Rasputin continued to keep his relations with the tsar wrapped in enigma. He was cautious. Even his friend Sazonov had little to say except that Rasputin called the empress and emperor ‘Mama’ and ‘Papa’, since they were indeed ‘mother and father whom the Lord had placed here to watch over and care for the Russian land’. Rasputin had not at that time begun to drink. Sazonov remembered only one ‘sensational’ story in the File:

‘The tsarina evidently regarded him with adoration … He related the following fact: he was walking through a Petersburg park and met the tsarina driving in the opposite direction…On seeing him, she ordered the horses stopped, rushed over to him, and kissed his hand in the sight of everyone in the park.’

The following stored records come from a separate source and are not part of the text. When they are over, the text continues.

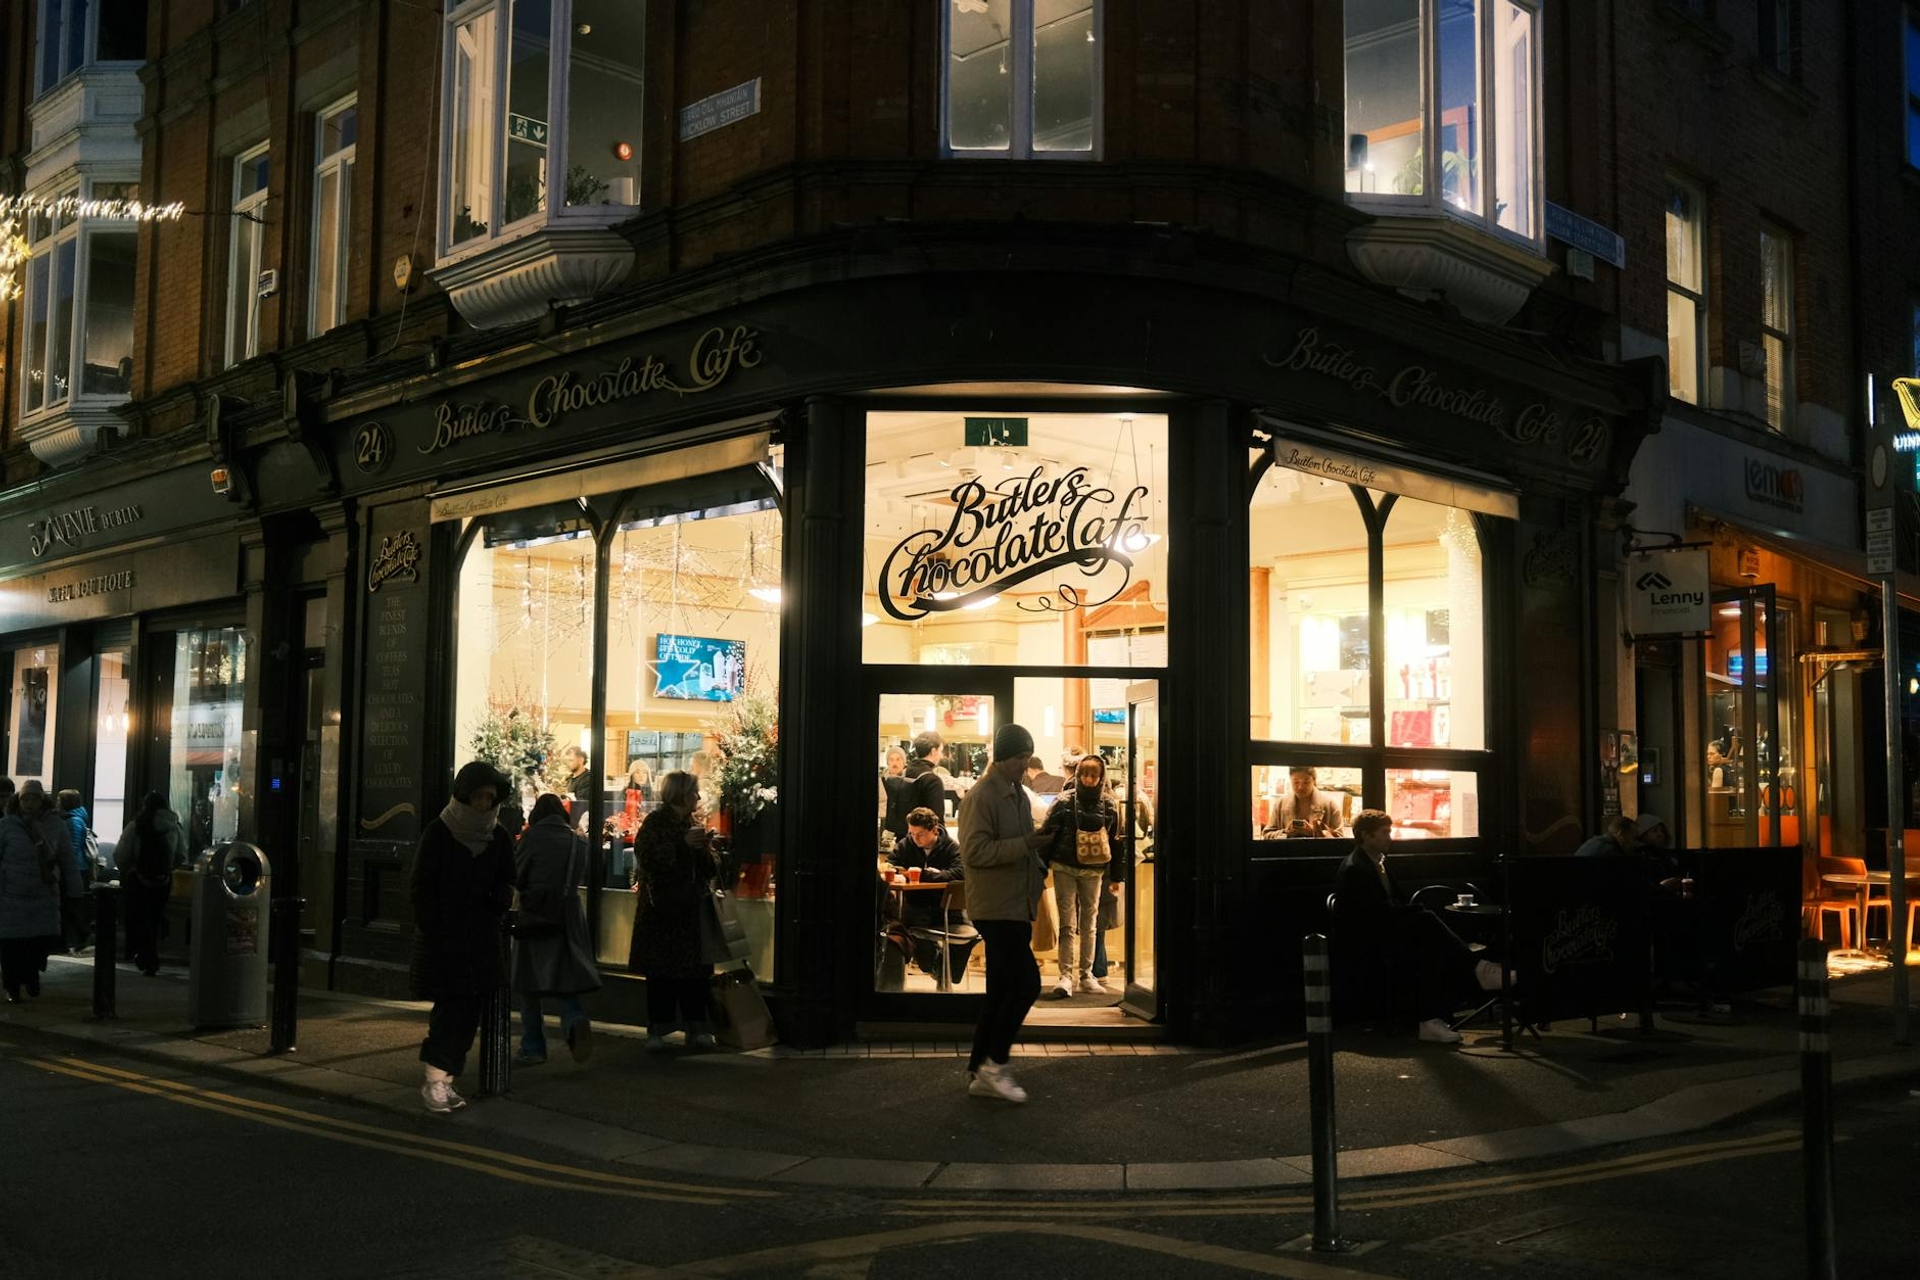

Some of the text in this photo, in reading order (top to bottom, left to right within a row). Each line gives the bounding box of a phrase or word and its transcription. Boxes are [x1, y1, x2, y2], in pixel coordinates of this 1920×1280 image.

[720, 101, 750, 123] STREET
[417, 325, 762, 454] Butlers Chocolate Café
[1263, 327, 1562, 443] Butlers Chocolate Café
[358, 427, 384, 463] 24
[1572, 424, 1601, 461] 24
[1321, 457, 1358, 480] Chocolate
[101, 506, 141, 530] DUBLIN
[927, 466, 1091, 554] Butlers
[879, 486, 1152, 621] Chocolate Café
[75, 571, 131, 598] BOUTIQUE
[1651, 592, 1703, 605] Lenny
[386, 597, 401, 607] THE
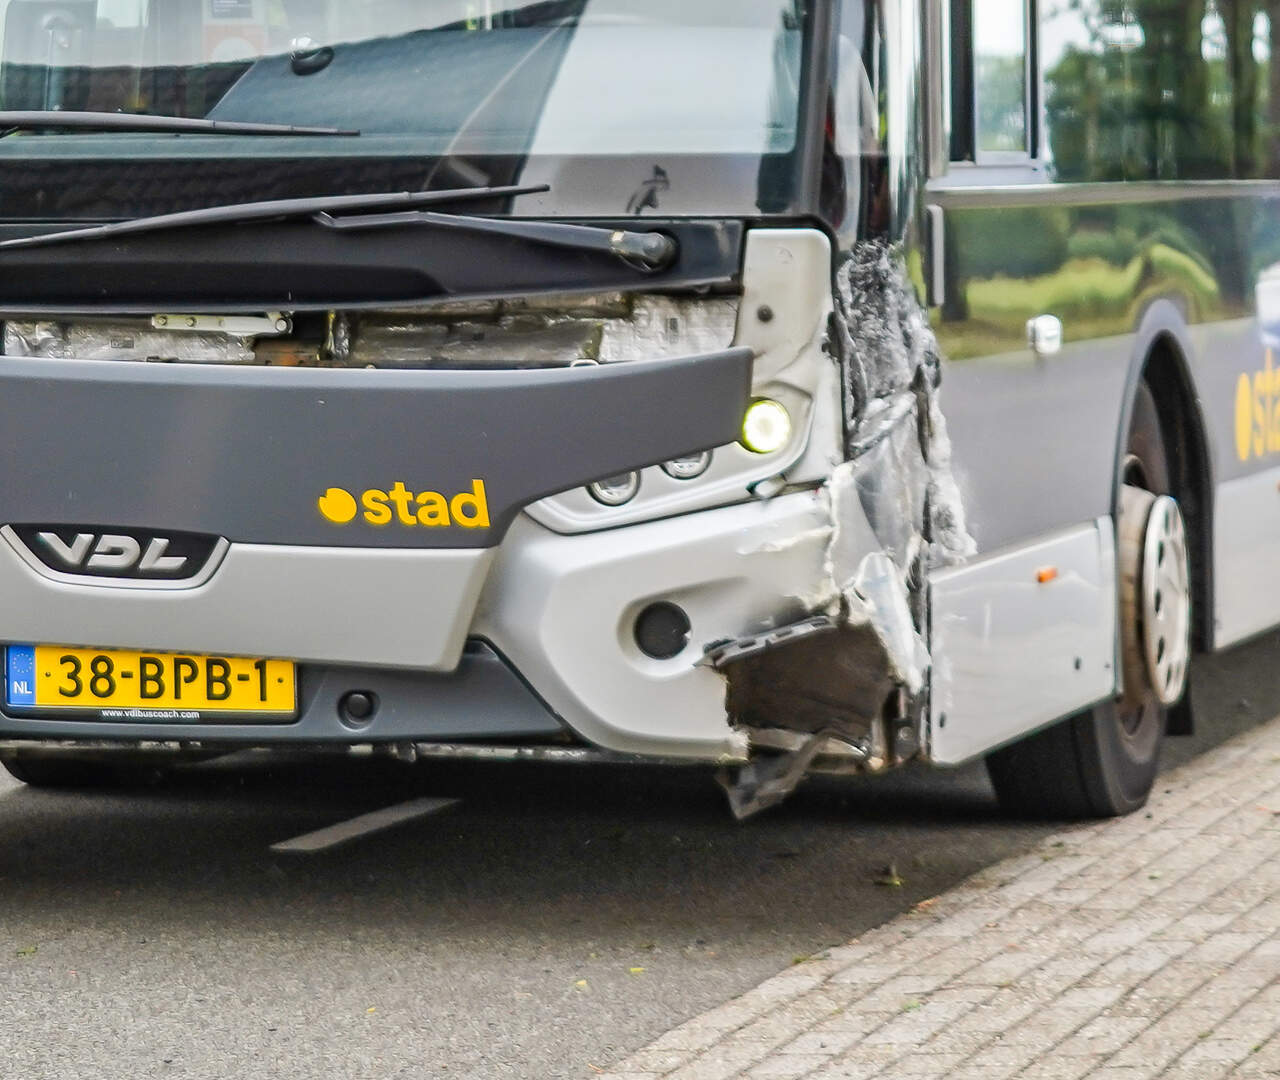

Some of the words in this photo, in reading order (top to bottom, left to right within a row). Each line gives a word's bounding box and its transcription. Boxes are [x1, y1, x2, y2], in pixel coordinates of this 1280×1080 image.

[361, 478, 491, 528] stad
[37, 531, 188, 570] VDL
[13, 680, 33, 695] NL
[58, 655, 268, 702] 38-BPB-1
[101, 708, 200, 720] www.vdlbuscoach.com

The story made the rounds of the Petersburg salons. And the kissing of Rasputin’s hands by the ‘tsars’ would occupy a large place in the interrogations of the Extraordinary Commission. And in the File two of those who knew Rasputin and the royal family well, Vyrubova and another of the
tsarina’s friends, Yulia Dehn, would heatedly deny that it had occurred. Most likely they were lying, for they could not explain to the uninitiated that the humbling of pride preached by the peasant was very close to the hearts of both Nicky and Alix. Christ washing the feet of his disciples and the ‘tsars’ kissing the hand of a peasant — the hand, in Rasputin’s words, that ‘feeds you all’ — was something the religious royal family could easily understand.

The Fashionable Elder

By 1910, however, even more interesting devotees had announced themselves. A certain Vladimir Bonch-Bruevich had made himself a devoted follower of Rasputin. ‘Bonch’, as he was often called by his friends, was an expert on Russian sectarianism. He had written numerous works on the Old-Believer and other heresies. But it was not that work that would make him famous in Russian history. This modest investigator of heresies was a member of the underground party of Bolsheviks and one of Lenin’s closest associates (he would become a leader of Soviet Russia, the man in charge of the affairs of the Council of People’s Commissars and a founder of the Cheka, the Bolshevik secret police). The reasons for Bonch-Bruevich’s delight in and enormous curiosity about Rasputin are clear. Lenin’s address on the sects at the Second Congress of the Russian Social-Democratic Labour Party had been written by Bonch-Bruevich and contained a whole panegyric by the Bolshevik Bonch on the
Khlyst
sect: ‘From a political point of view, the
Khlysty
therefore deserve our full attention as passionate haters of everything that issues from the “authorities,” that is, from the government … I am convinced that through a tactical rapprochement of revolutionaries and the
Khlysty
we can acquire numerous friends.’ So when Rasputin began to be persecuted for his
Khlyst
sympathies, Bonch-Bruevich would immediately write with the authority of an expert, ‘Rasputin does not belong the
Khlyst
sect!’ He was obliged to defend his potential allies.